[Bug 221402] New: eGPU breaks permanently after hibernate with TB4 tunnel active on AMD Strix Halo (Ryzen AI Max+ 395)

public inbox for dri-devel@lists.freedesktop.org
 help / color / mirror / Atom feed

* [Bug 221402] New: eGPU breaks permanently after hibernate with TB4 tunnel active on AMD Strix Halo (Ryzen AI Max+ 395) — Linux-specific
@ 2026-04-22 16:03 bugzilla-daemon
  2026-04-23 15:03 ` [Bug 221402] " bugzilla-daemon
  0 siblings, 1 reply; 2+ messages in thread
From: bugzilla-daemon @ 2026-04-22 16:03 UTC (permalink / raw)
  To: dri-devel

https://bugzilla.kernel.org/show_bug.cgi?id=221402

            Bug ID: 221402
           Summary: eGPU breaks permanently after hibernate with TB4
                    tunnel active on AMD Strix Halo (Ryzen AI Max+ 395) —
                    Linux-specific
           Product: Drivers
           Version: 2.5
          Hardware: AMD
                OS: Linux
            Status: NEW
          Severity: high
          Priority: P3
         Component: Video(DRI - non Intel)
          Assignee: drivers_video-dri@kernel-bugs.osdl.org
          Reporter: conrad.dobrowolski@gmail.com
        Regression: No

# eGPU breaks permanently after hibernate with TB4 tunnel active on AMD Strix
Halo (Ryzen AI Max+ 395) — Linux-specific, Windows unaffected

## Summary

On an ASUS ROG Flow Z13 (GZ302EA) with AMD Ryzen AI Max+ 395 "Strix Halo," an
eGPU connected via TB4 works perfectly on first boot but is permanently broken
at the Linux kernel level after a single hibernate cycle with the eGPU
attached. The failure persists across reboots, EC resets, cable swaps, BIOS
defaults, and multiple distro/kernel combinations.
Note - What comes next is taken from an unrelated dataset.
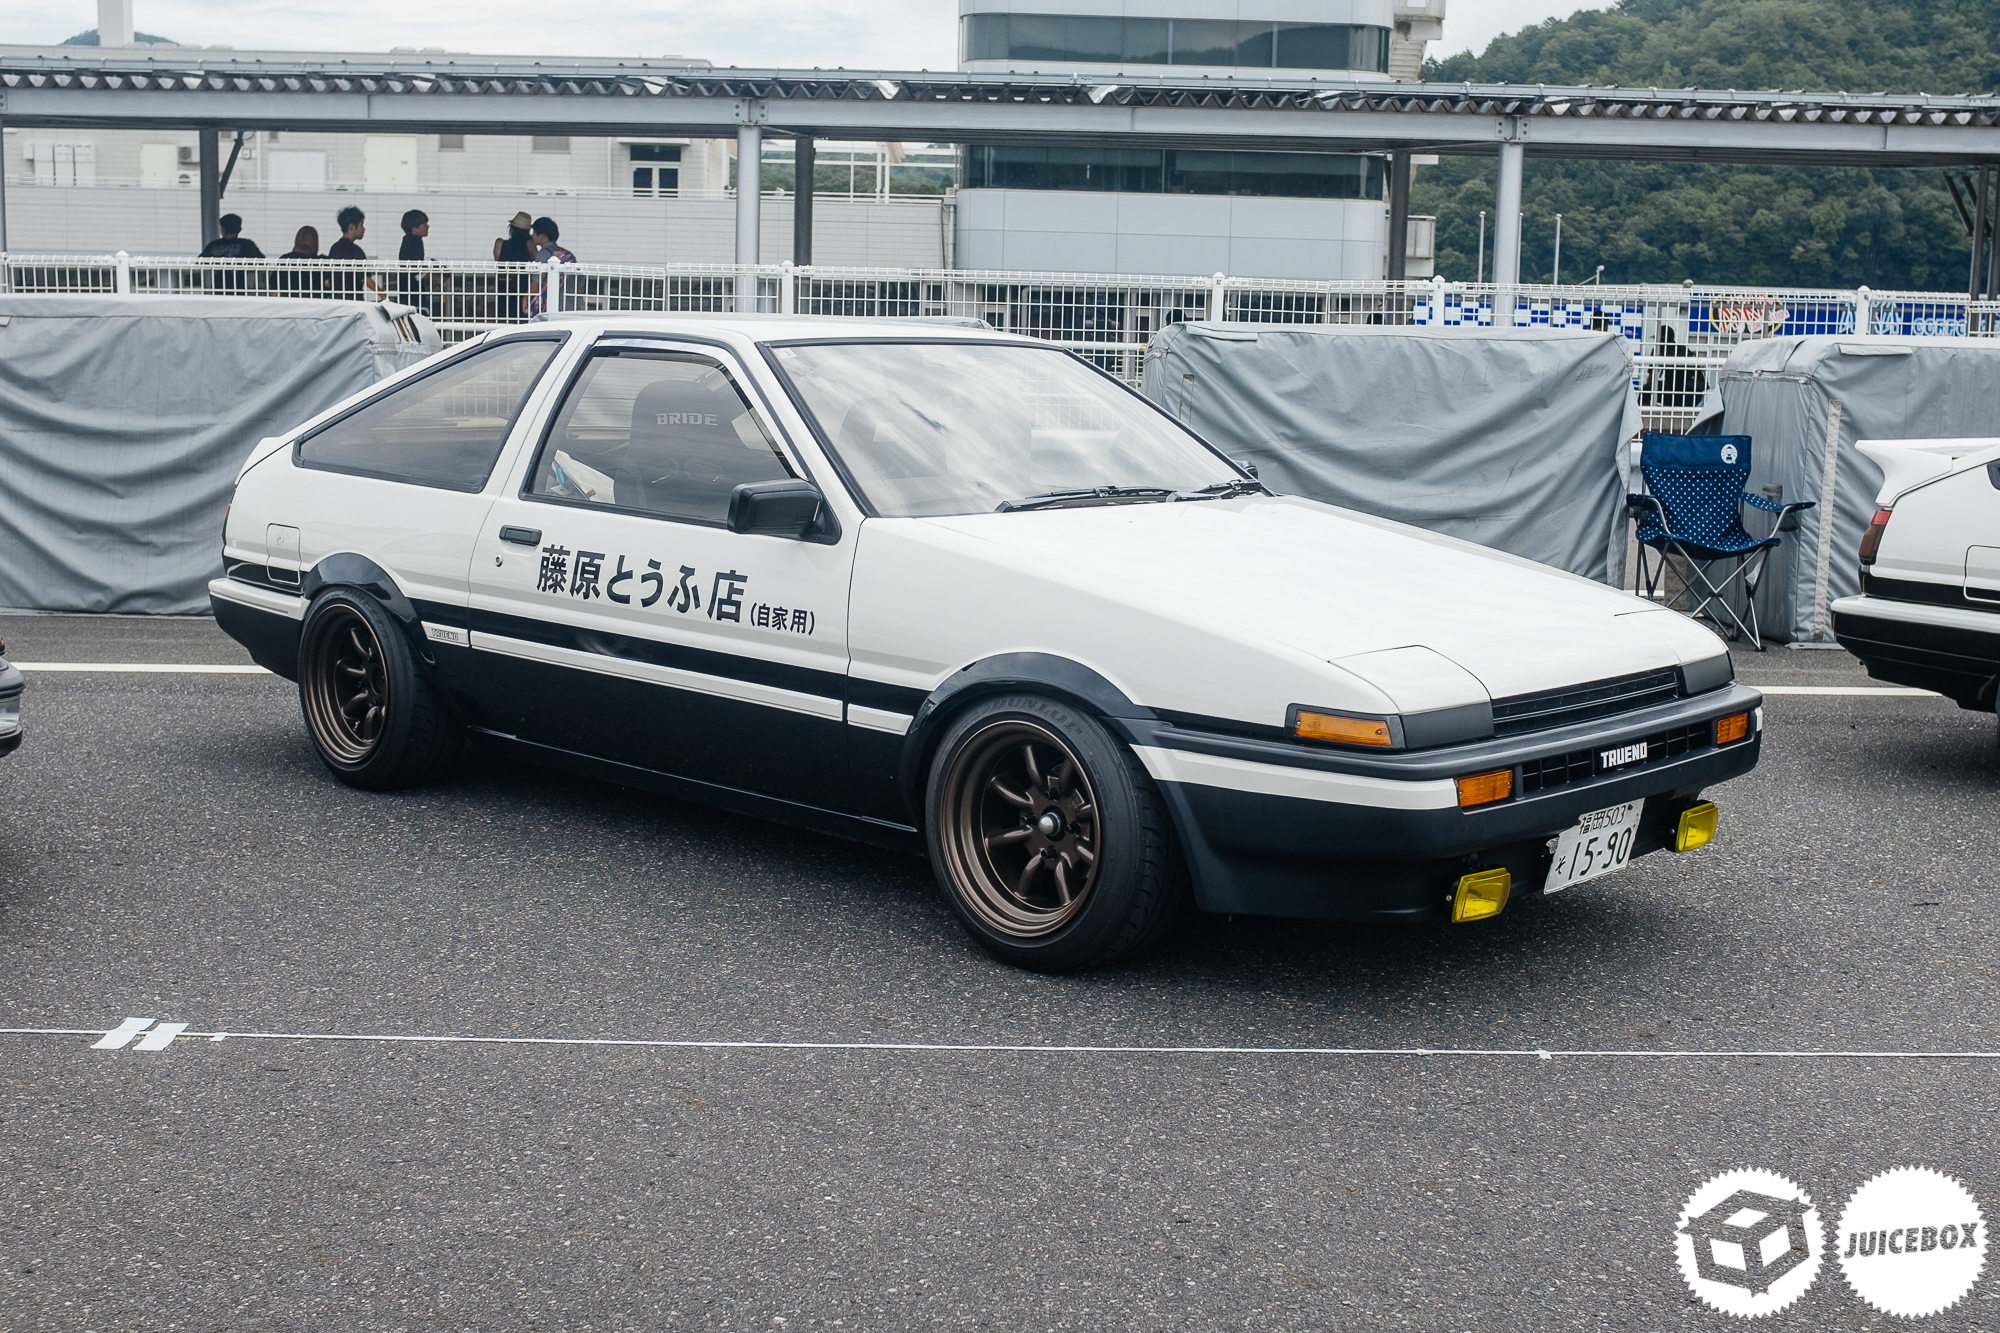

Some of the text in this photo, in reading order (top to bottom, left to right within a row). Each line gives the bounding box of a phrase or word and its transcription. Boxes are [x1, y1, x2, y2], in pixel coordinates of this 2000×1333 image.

**Critical finding:** The same hardware (laptop + enclosure + GPU + cable)
works correctly on Windows 11 with AMD drivers. This confirms:
- The hardware is not damaged
- The TB4 controller firmware is not permanently bricked
- The bug is in Linux's handling of amdgpu + Thunderbolt + Strix Halo
specifically

## Hardware

- **Laptop:** ASUS ROG Flow Z13 GZ302EA
- **SoC:** AMD Ryzen AI Max+ 395 (Strix Halo, 16C/32T, Radeon 8060S iGPU
gfx1151)
- **RAM:** 128 GiB unified LPDDR5X
- **BIOS:** GZ302EA.311 (American Megatrends, Sept 19 2025 — latest available
from ASUS as of Apr 2026)
- **eGPU enclosure:** ADTLINK UT4G (USB4 40 Gb/s)
- **eGPU GPU:** AMD Radeon RX 7900 XTX (Navi 31, 1002:744c) — reproduced with
RX 5700 XT
- **Cable:** Both TB4 and TB5 rated cables tested — identical failure

## Software

- **OS:** Fedora Linux 43 (KDE Plasma Desktop Edition)
- **Kernel (installed):** 6.19.12-200.fc43.x86_64
- **Kernel (live USB):** 6.17.1-300.fc43.x86_64 — tested, same failure
- **Mesa:** 25.3.6
- **ROCm:** 6.4.2
- **fwupd:** 2.0.20

## Reproduction

1. Fresh boot with eGPU attached — works perfectly. `lspci` shows full chain
(ASMedia 03:00/04:00 → Navi 31 at 05:00.0), amdgpu binds, rocminfo reports both
`gfx1151` (iGPU) and `gfx1100` (eGPU), monitors on the eGPU display correctly,
ROCm/Ollama/PyTorch all function.
2. `sudo systemctl hibernate` (with eGPU still attached)
3. Wake from hibernate
4. eGPU no longer functions and never recovers

## Failure Modes Observed

After the break, various failure modes appear cycling across reboots:

### Mode A — Discovery failure (most common, reproduces 100% on clean live USB)
amdgpu 0000:05:00.0: enabling device (0000 -> 0003)
amdgpu 0000:05:00.0: amdgpu: initializing kernel modesetting (IP DISCOVERY
0x1002:0x744C 0x1002:0x744C 0xC8).
amdgpu 0000:05:00.0: amdgpu: register mmio base: 0xBC000000
amdgpu 0000:05:00.0: amdgpu: register mmio size: 1048576
amdgpu 0000:05:00.0: amdgpu: failed to read discovery info from memory, vram
size read: 0
amdgpu 0000:05:00.0: amdgpu: [drm] ERROR discovery failed: -2
amdgpu 0000:05:00.0: amdgpu: Fatal error during GPU init
amdgpu 0000:05:00.0: amdgpu: finishing device.
amdgpu 0000:05:00.0: probe with driver amdgpu failed with error -2

### Mode B — TB4 port training timeout loop
thunderbolt 0000:c6:00.5: 0:2: failed to reach state TB_PORT_UP. Ignoring
port...
thunderbolt 0000:c6:00.5: 0:2: lost during suspend, disconnecting
Note: "lost during suspend" fires even when no suspend has occurred since boot.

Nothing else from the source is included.